__Task inputs__.

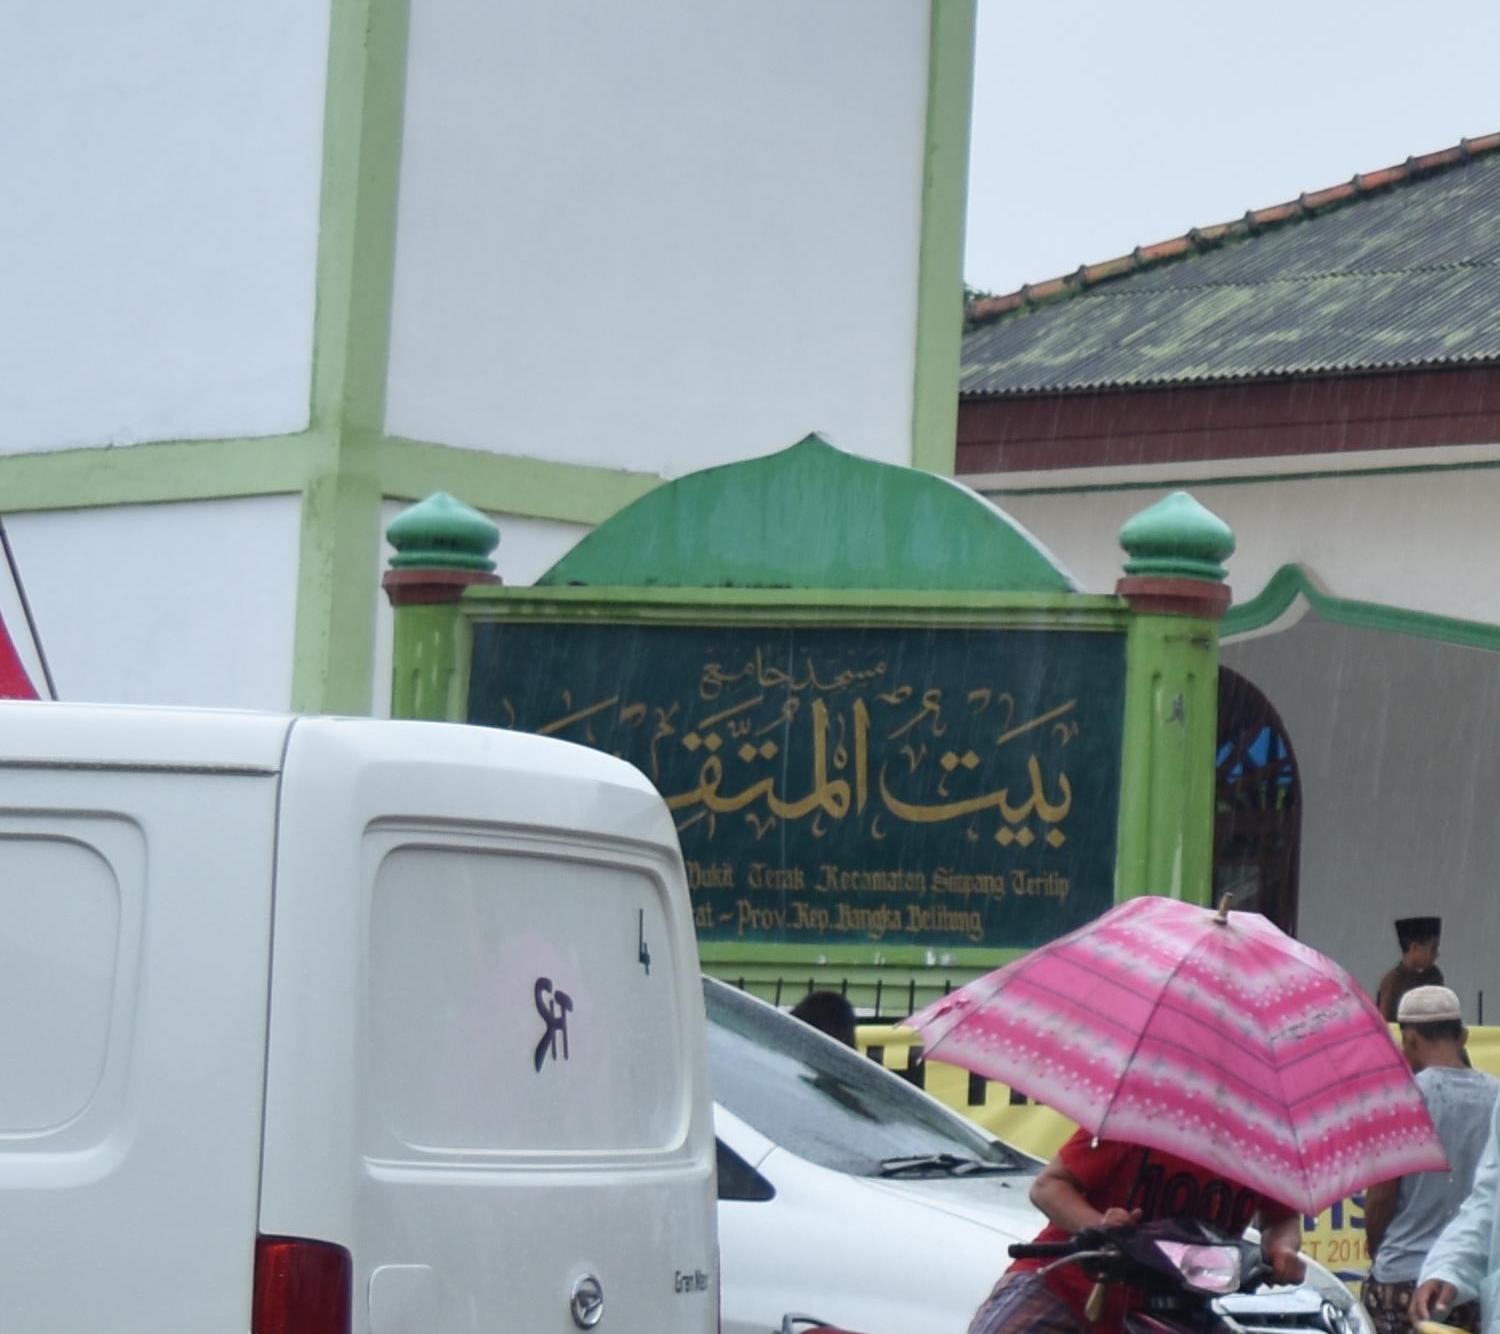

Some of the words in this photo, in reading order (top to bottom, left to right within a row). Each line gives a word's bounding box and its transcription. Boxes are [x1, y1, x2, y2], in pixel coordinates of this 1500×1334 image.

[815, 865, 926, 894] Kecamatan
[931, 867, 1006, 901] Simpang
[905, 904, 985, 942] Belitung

==

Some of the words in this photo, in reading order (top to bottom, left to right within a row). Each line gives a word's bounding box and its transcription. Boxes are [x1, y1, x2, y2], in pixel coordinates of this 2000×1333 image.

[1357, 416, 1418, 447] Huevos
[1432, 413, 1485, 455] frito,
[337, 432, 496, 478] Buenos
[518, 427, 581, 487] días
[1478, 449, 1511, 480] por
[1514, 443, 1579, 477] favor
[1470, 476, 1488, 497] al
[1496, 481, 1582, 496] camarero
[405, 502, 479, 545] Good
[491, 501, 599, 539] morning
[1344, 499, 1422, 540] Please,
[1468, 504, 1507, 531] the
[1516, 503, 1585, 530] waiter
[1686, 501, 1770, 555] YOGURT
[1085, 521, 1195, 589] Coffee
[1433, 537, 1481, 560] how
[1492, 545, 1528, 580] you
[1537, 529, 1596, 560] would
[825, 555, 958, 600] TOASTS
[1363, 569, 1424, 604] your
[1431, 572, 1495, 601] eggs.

---

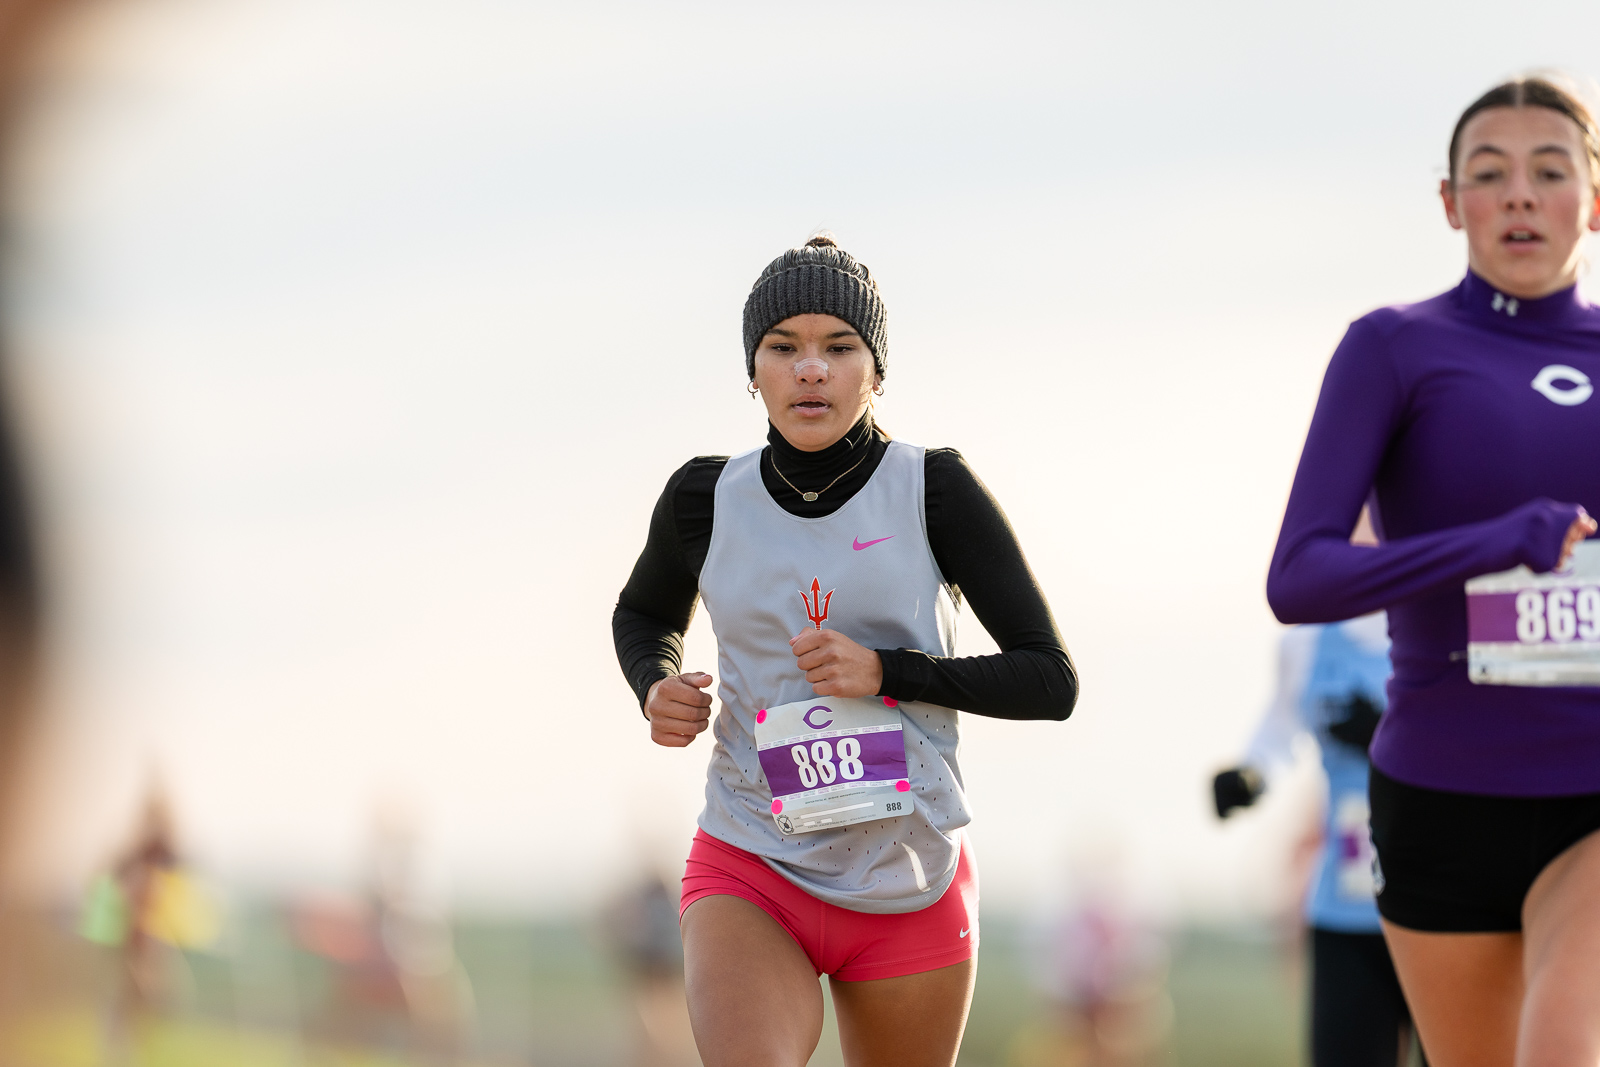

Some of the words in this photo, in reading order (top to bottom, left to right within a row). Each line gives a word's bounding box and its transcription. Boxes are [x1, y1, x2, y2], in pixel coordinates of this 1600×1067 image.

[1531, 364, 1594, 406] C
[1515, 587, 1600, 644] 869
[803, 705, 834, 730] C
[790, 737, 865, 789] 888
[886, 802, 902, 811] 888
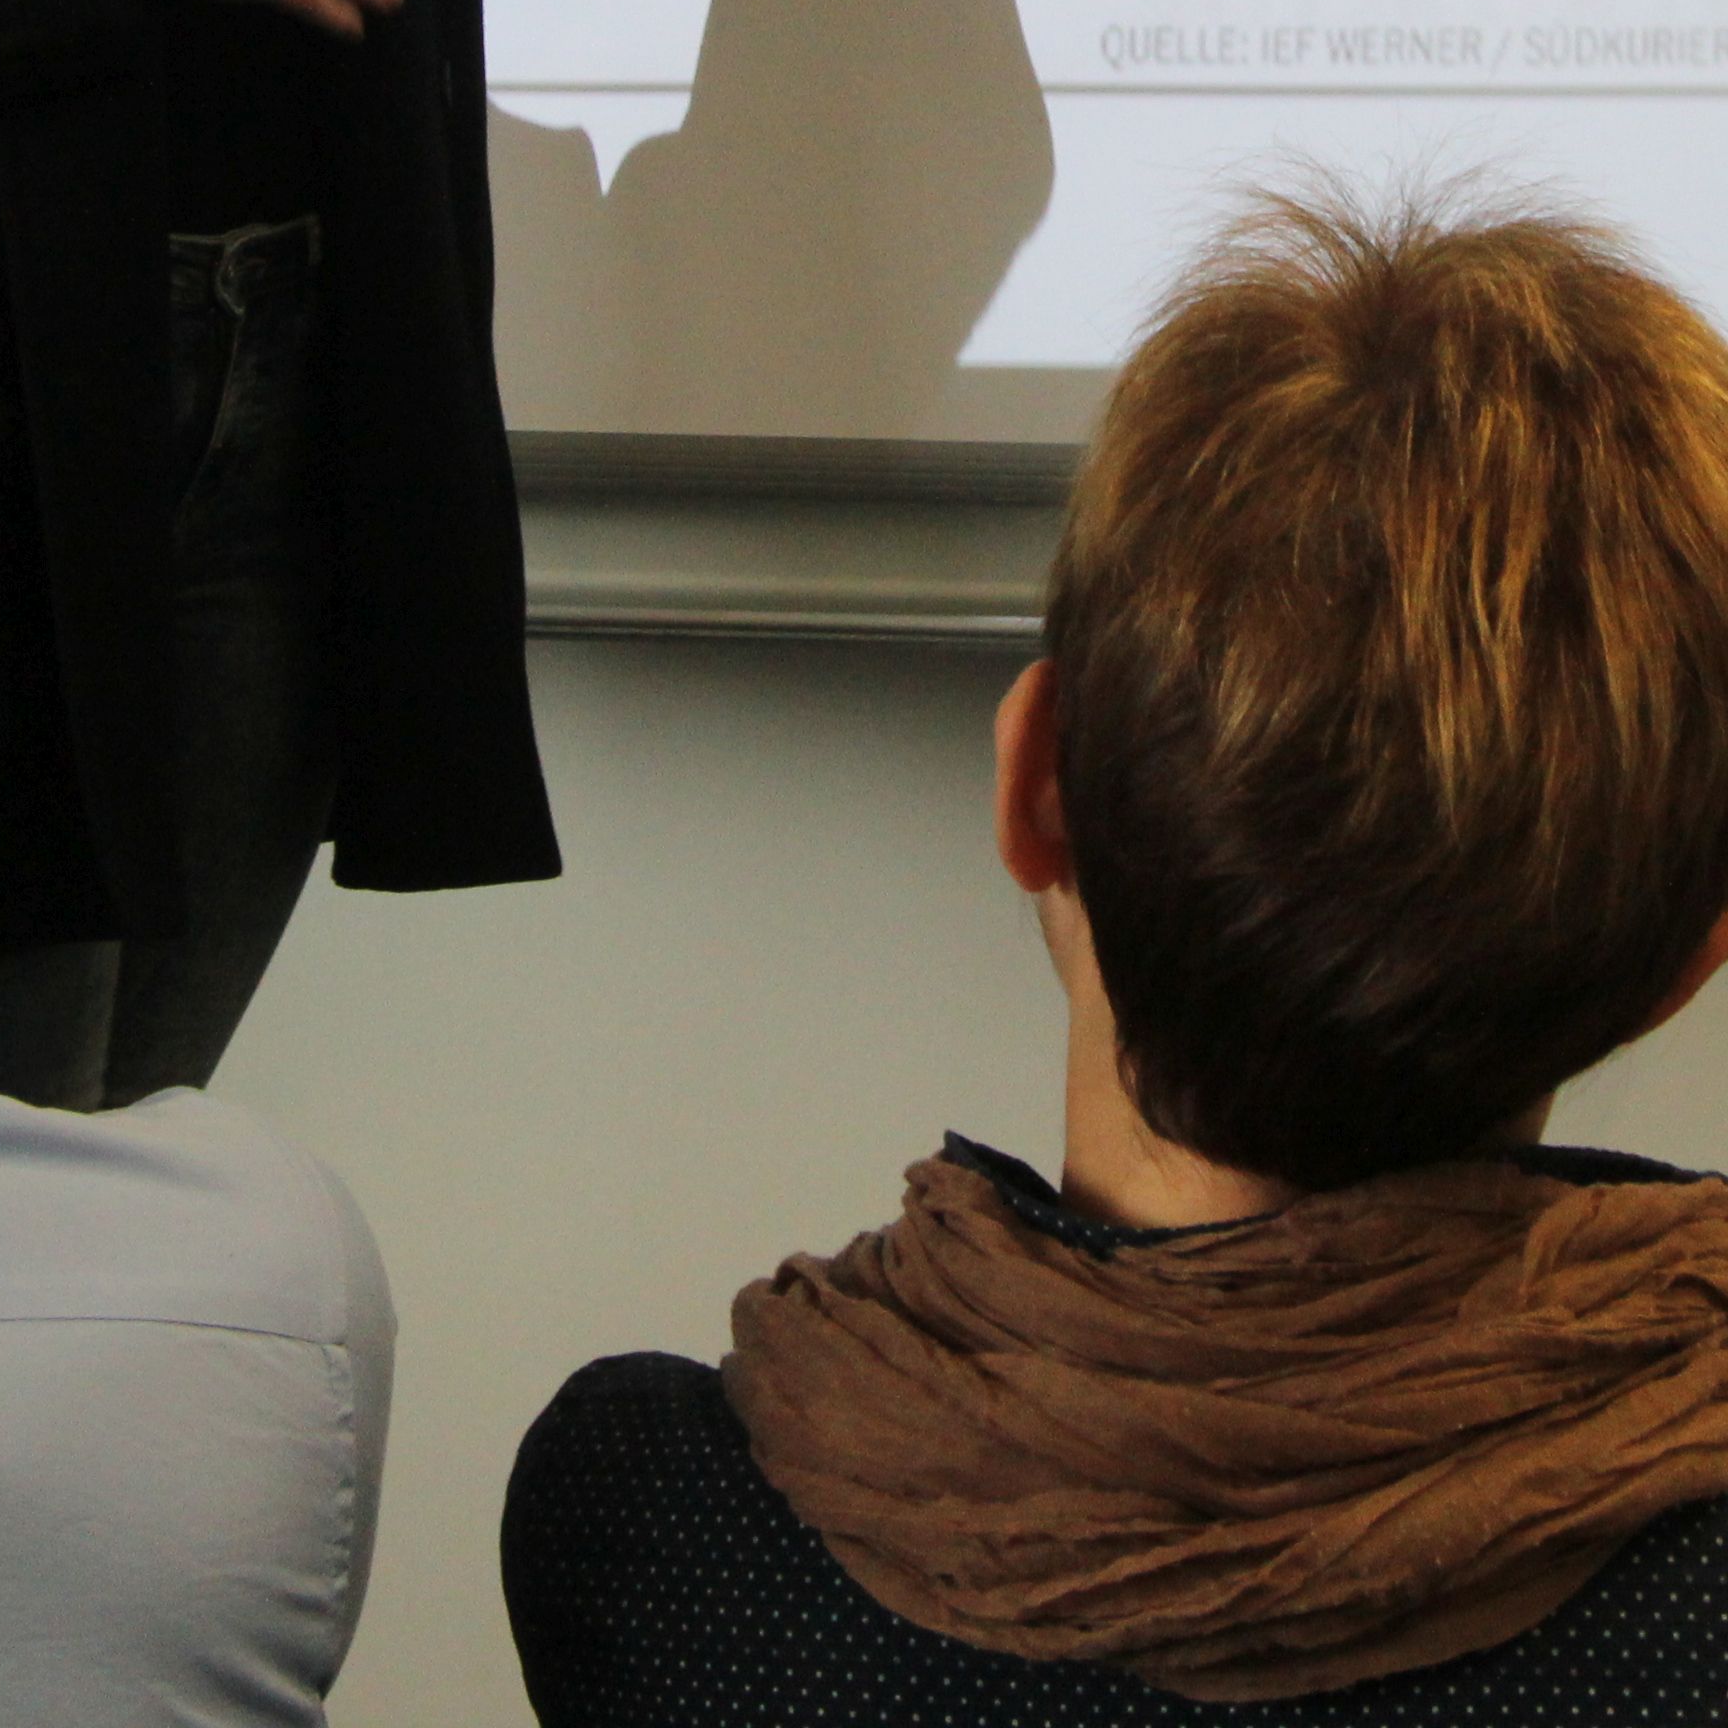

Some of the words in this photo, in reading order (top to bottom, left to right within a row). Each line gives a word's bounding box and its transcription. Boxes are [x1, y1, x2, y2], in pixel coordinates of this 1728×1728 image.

__Task item__. Starting at the line with "this 1600×1067 image." and finishing at the line with "this 1728×1728 image.", copy the material above exactly, both lines included. Nothing else goes in, and no pictures.

__Response area__.
Some of the words in this photo, in reading order (top to bottom, left to right within a row). Each line gives a word's bounding box and its transcription. Boxes are [x1, y1, x2, y2], in pixel coordinates of this 1600×1067 image.

[1531, 364, 1594, 406] C
[1515, 587, 1600, 644] 869
[803, 705, 834, 730] C
[790, 737, 865, 789] 888
[886, 802, 902, 811] 888

Some of the words in this photo, in reading order (top to bottom, left to right within a row). Each line gives a word's bounding box and its transcription. Boxes are [x1, y1, x2, y2], in pixel coordinates of this 1728×1728 image.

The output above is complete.